IP Group’s Managing Director in Australia, Michael Molinari, whose firm invests globally in world-leading technology from its partner universities, says the UNSW innovation is ground-breaking.

“The use of IoT devices and sensors is growing exponentially, and as organisations’ networks expand, it’s increasingly difficult to track these assets and secure them. Dr Habibi and his team have developed technology that enables operators of smart environments – like enterprise campuses, commercial buildings, industrial facilities and airports - to rapidly identify every IoT device connected to their network and continuously monitor each one and ensure that it’s functioning normally,” says Mr Molinari.

CyAmast software continuously monitors network traffic and intelligently detects deviations from intended IoT behaviours.

Dr Habibi says CyAmast’s solution is far more flexible, scalable and cost-effective than traditional approaches to determining attacks on IoT systems, which inspect individual "packets" of data to determine threat signatures and then blacklist them.

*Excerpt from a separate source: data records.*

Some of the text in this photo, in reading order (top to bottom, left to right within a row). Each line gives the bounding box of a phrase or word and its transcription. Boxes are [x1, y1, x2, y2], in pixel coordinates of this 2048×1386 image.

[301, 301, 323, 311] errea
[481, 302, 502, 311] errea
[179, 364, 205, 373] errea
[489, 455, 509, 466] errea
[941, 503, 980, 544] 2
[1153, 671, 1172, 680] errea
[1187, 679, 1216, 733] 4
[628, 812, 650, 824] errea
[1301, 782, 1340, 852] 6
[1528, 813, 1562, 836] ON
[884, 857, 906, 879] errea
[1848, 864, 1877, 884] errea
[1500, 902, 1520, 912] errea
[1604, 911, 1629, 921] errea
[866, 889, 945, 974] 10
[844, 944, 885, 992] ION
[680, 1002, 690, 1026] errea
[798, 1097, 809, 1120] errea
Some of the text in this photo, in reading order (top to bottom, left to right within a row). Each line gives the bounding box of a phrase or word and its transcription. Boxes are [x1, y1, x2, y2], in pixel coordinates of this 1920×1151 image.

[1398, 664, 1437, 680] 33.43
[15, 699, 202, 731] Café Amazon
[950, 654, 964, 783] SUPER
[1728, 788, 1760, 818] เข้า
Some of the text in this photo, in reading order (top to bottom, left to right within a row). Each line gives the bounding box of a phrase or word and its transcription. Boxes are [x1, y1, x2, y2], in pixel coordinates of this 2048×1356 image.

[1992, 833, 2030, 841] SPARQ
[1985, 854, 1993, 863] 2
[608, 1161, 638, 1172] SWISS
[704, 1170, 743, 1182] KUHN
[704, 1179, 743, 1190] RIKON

“Traditional methods of detecting malicious traffic are bundled, static, and inflexible, and thus do not suffice for the growing diversity of attacks on increasing numbers of insecure IoT devices,” Dr Habibi says.

“These attack-signature-based solutions are increasingly being defeated as they can’t keep up with the increasing percentage of network traffic that’s encrypted and therefore can’t be opened and inspected. They also have poor resilience to morphed attacks that can render known signatures useless. Inspecting individual packets can also be prohibitively expensive,” Dr Habibi says.

“Our technology develops a model of expected behaviours for each device, based on the manufacturer’s specifications. The model is enriched with our patented, real-time artificial intelligence-based algorithms, to check data flows against expected behaviours.”

Using CyAmast solutions, customers can identify, detect, and classify all IoT devices on their network, profile and model their behaviour, and detect and quarantine any deviation from what’s expected.

“This all happens at 100s of Gbps (billions of bits per second) without the dependence of highly customised and expensive infrastructure,” Dr Habibi says.

UNSW’s acting Deputy Vice-Chancellor of Enterprise, Professor Eliathamby Ambikairajah, says CyAmast is a remarkable example of university researchers focussing on translation of innovative research in areas that have the greatest potential to benefit society.

“CyAmast is an industry-changing business that will transform the way individuals and organisations around the world protect the growing number of IoT devices that intelligently assist our everyday life,” he says.

This is the second time IP Group has invested in a spin-out from UNSW’s School of Electrical Engineering and Telecommunications, having invested in Canopus Networks in a separate deal in December 2018.